Lilis Sadiyah, Natalie Dowling, Budi Iskandar Prisantoso


Abundance indices based on nominal CPUE do not take into account confounding factors such as fishing strategy and environmental conditions, that can decouple any underlying abundance signal in the catch rate. As such, the assumption that CPUE is proportional to abundance is frequently violated. CPUE standardisation is one of the common analyses applied. The aims of this paper were to provide a statistical modelling framework for conducting CPUE standardisations using the Observer Program data for bigeye tuna, yellowfin tuna, albacore and southern bluefin tuna, and provide a comparison in the trends between the nominal CPUEs and their standardised indices obtained.
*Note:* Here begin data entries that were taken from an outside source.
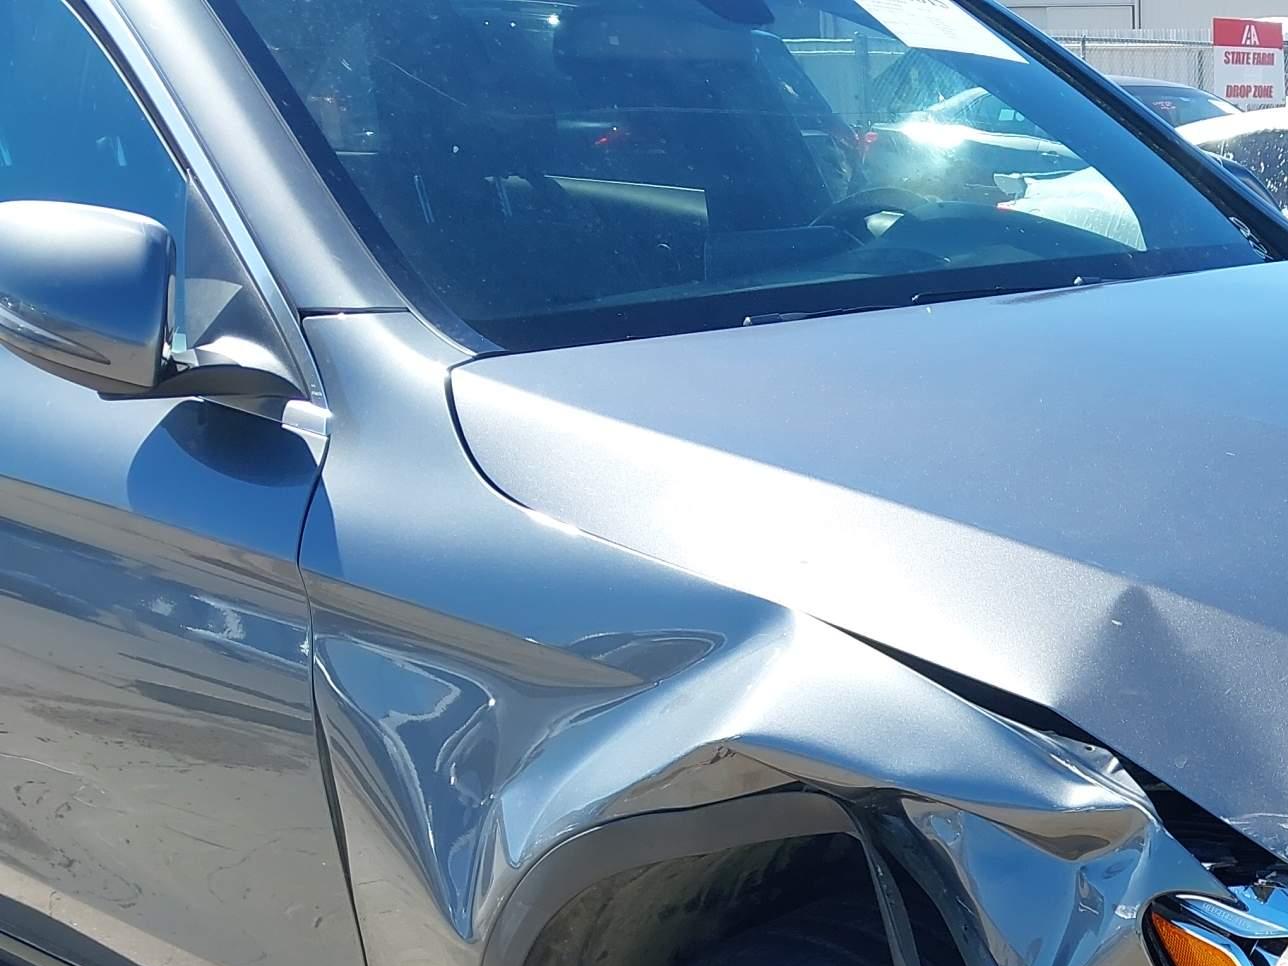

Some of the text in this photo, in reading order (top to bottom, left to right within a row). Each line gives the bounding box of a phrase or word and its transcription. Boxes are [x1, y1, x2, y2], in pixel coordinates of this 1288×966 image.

[1224, 51, 1275, 66] STATE FARM
[1226, 84, 1273, 98] DROP ZONE
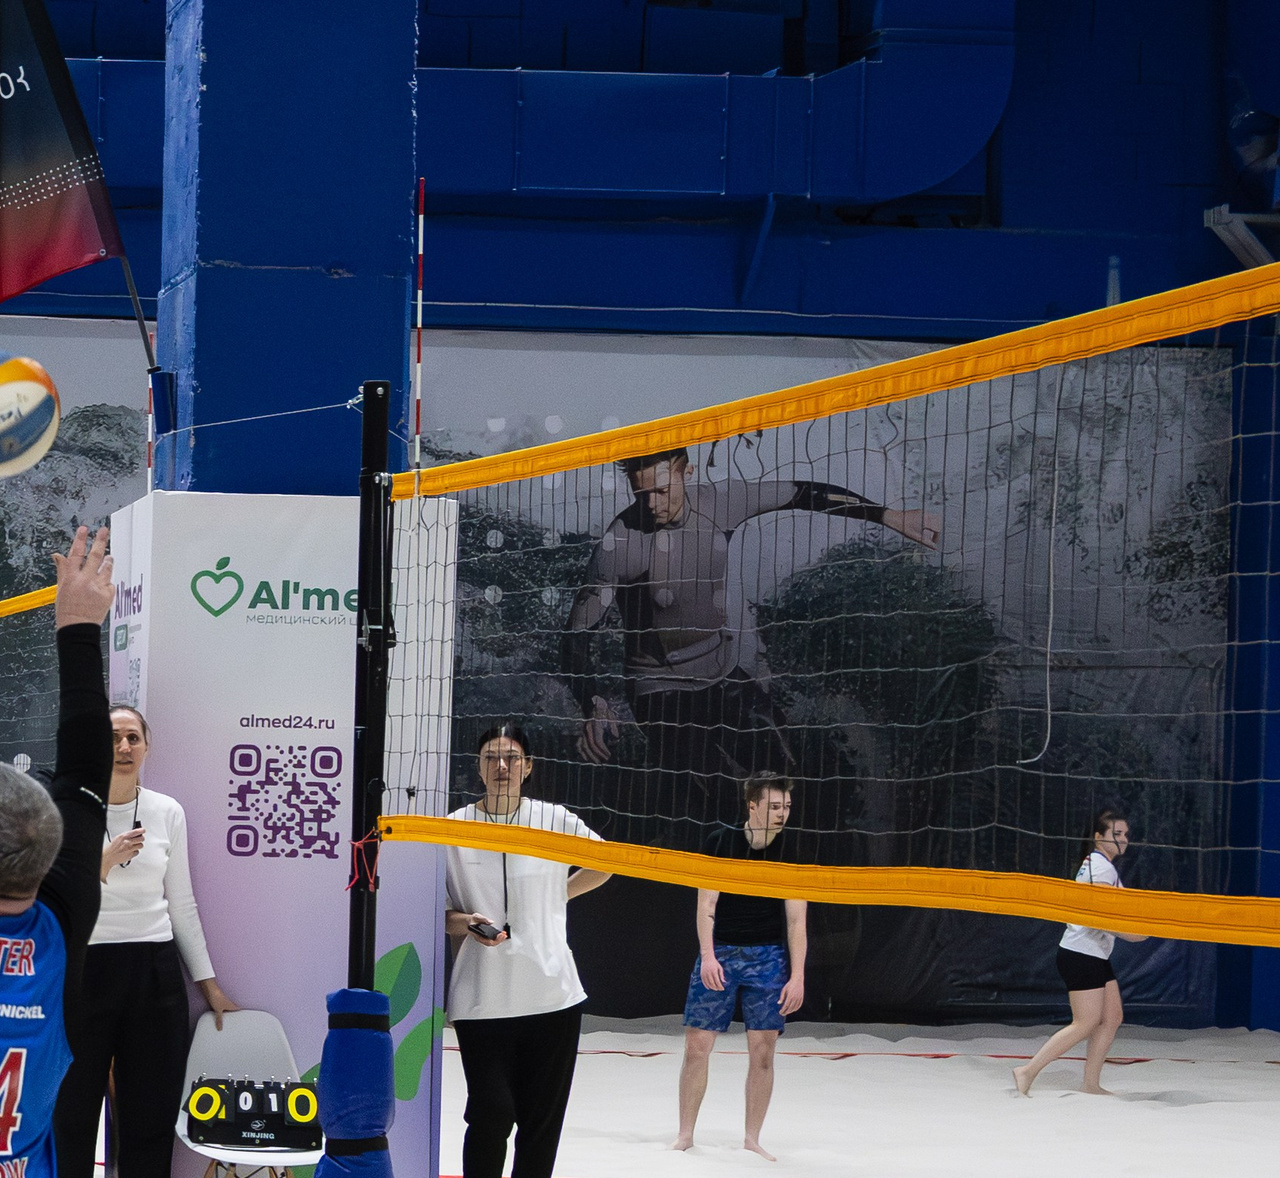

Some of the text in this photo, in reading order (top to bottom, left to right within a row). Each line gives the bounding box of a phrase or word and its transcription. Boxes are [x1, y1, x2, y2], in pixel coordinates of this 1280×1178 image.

[248, 580, 359, 613] Al'me
[246, 614, 346, 627] медицинский
[239, 714, 335, 730] almed24.ru
[242, 1131, 275, 1139] XINJING
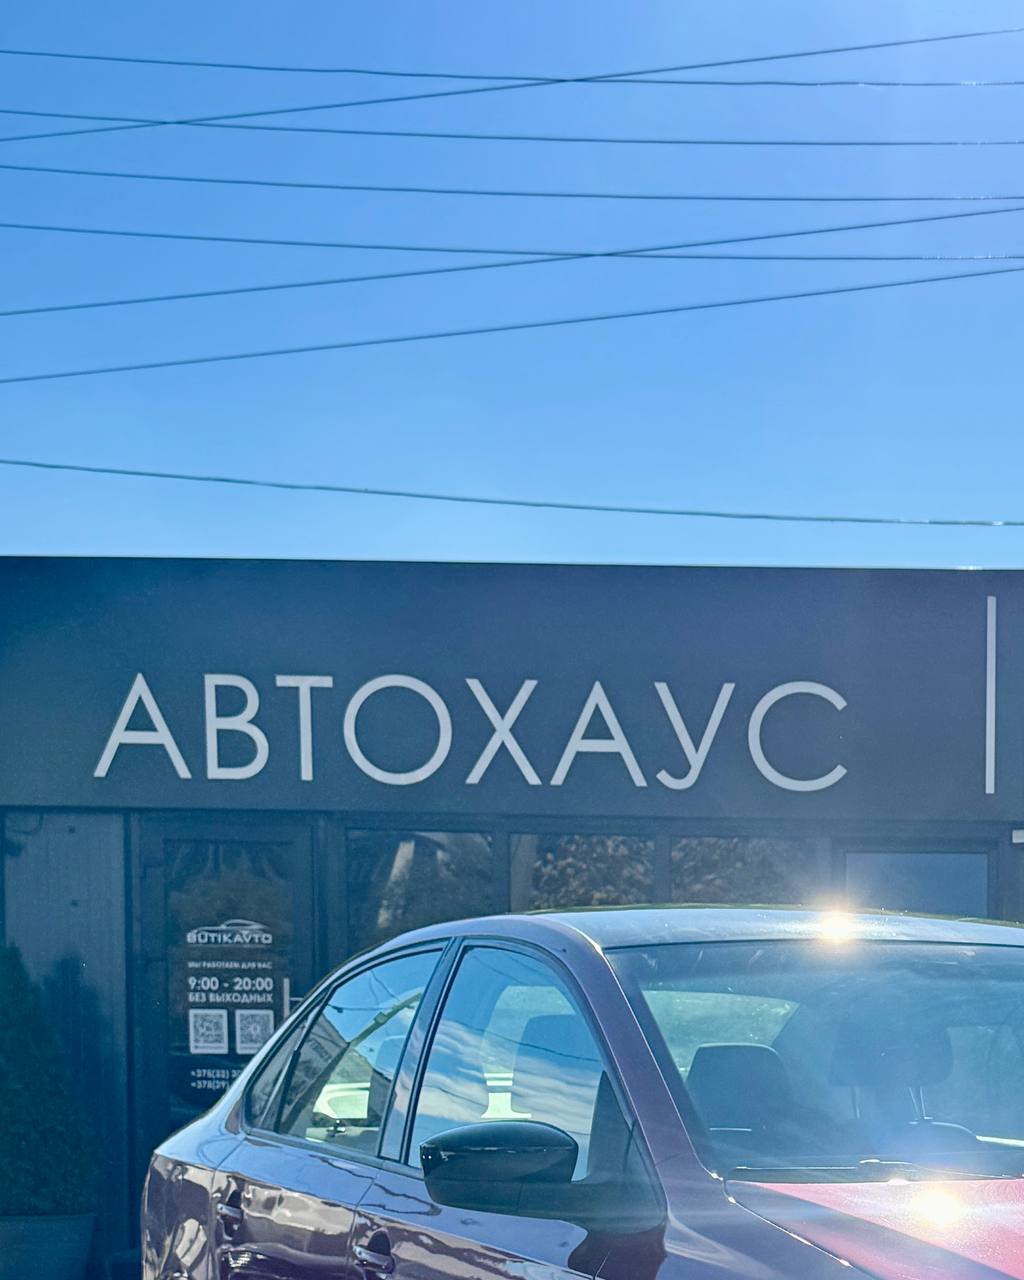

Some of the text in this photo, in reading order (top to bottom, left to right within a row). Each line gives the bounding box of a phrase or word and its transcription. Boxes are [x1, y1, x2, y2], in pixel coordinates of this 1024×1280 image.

[93, 672, 848, 792] АВТОХАУС
[187, 932, 273, 944] BUTIKAVTO
[188, 976, 220, 991] 9:00
[233, 976, 274, 991] 20:00
[188, 991, 273, 1004] БЕЗ ВЫХОДНЫХ
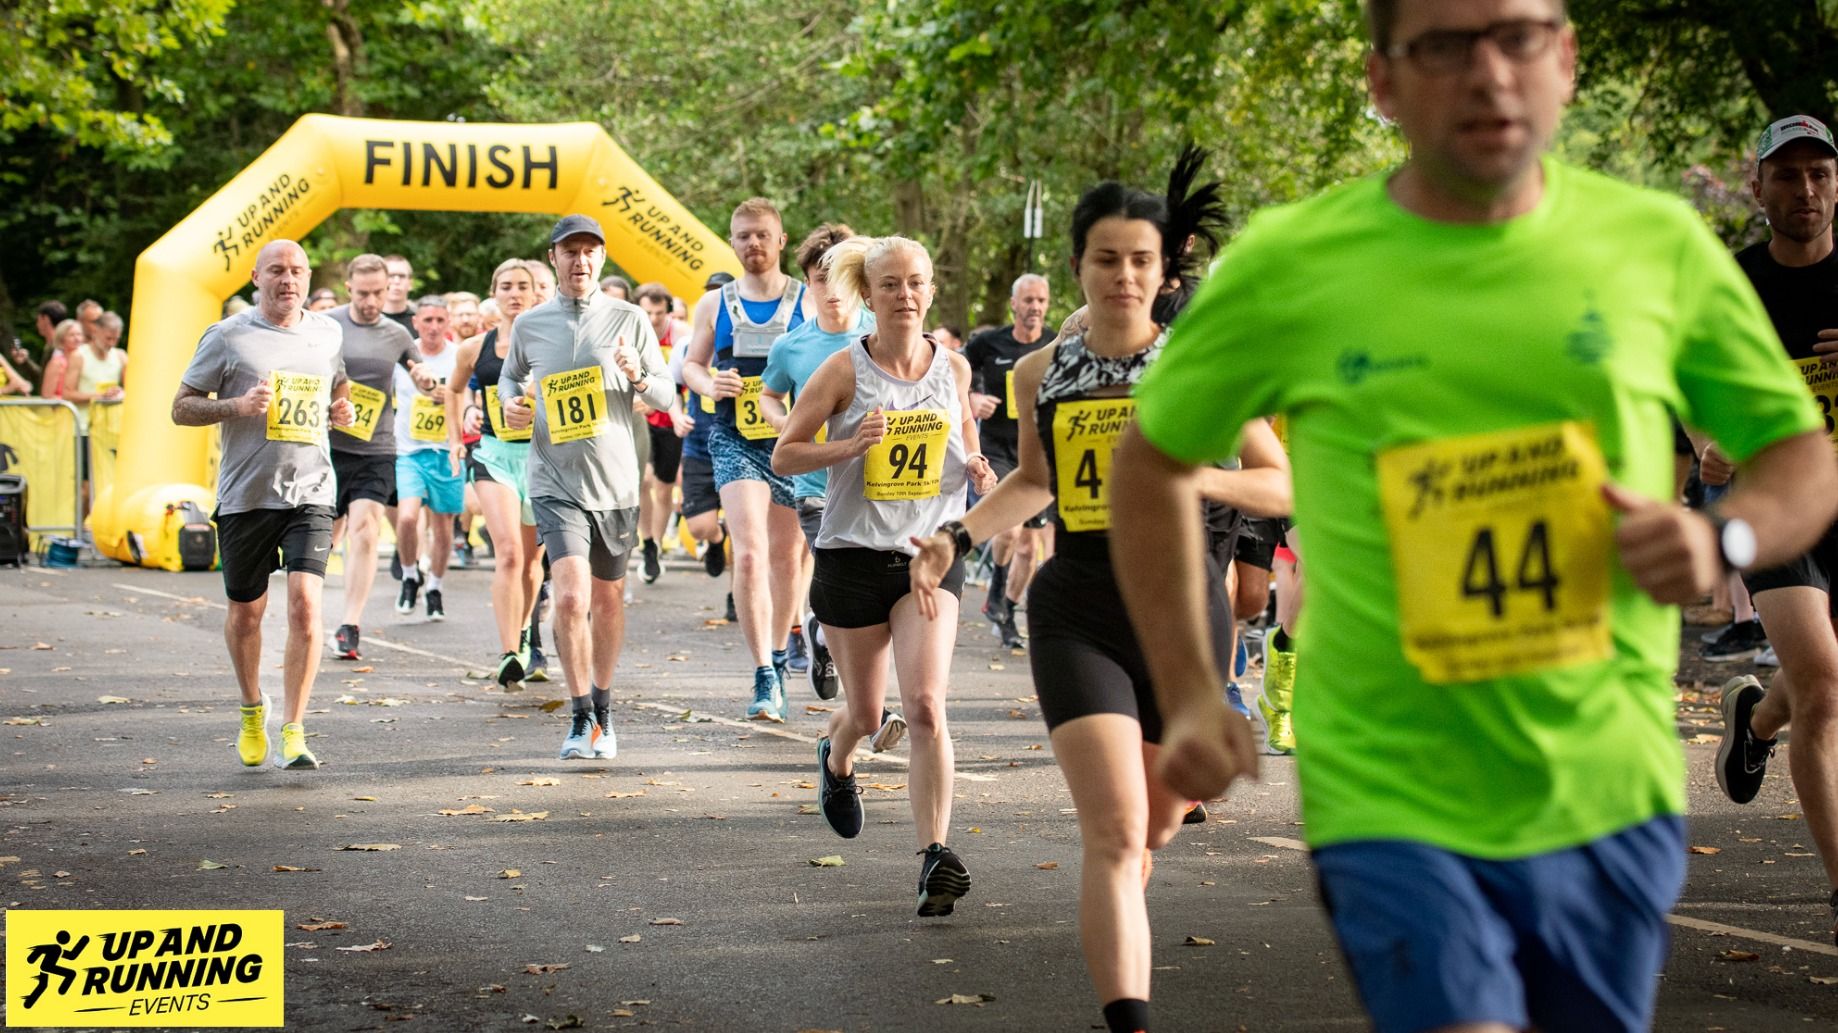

The CPUE standardisations were conducted on the Observer Program collected between 2005 and 2007, by applying GLM analysis using the Tweedie distribution. The results suggested that year, area, HBF and bait factors significantly influenced the nominal CPUEs for the four tuna species of interest. Some extreme peaks and troughs in the nominal time series were smoothed in the standardised CPUE time
series. The high degree of temporal variability that is still shown in the standardised CPUE trends suggests that the data are too sparse to give any meaningful indication of proxy abundance. Nevertheless, this may also suggest that variables used in the GLMs do not sufficiently account for all
of the confounding factors, or abundance may indeed be truly variable.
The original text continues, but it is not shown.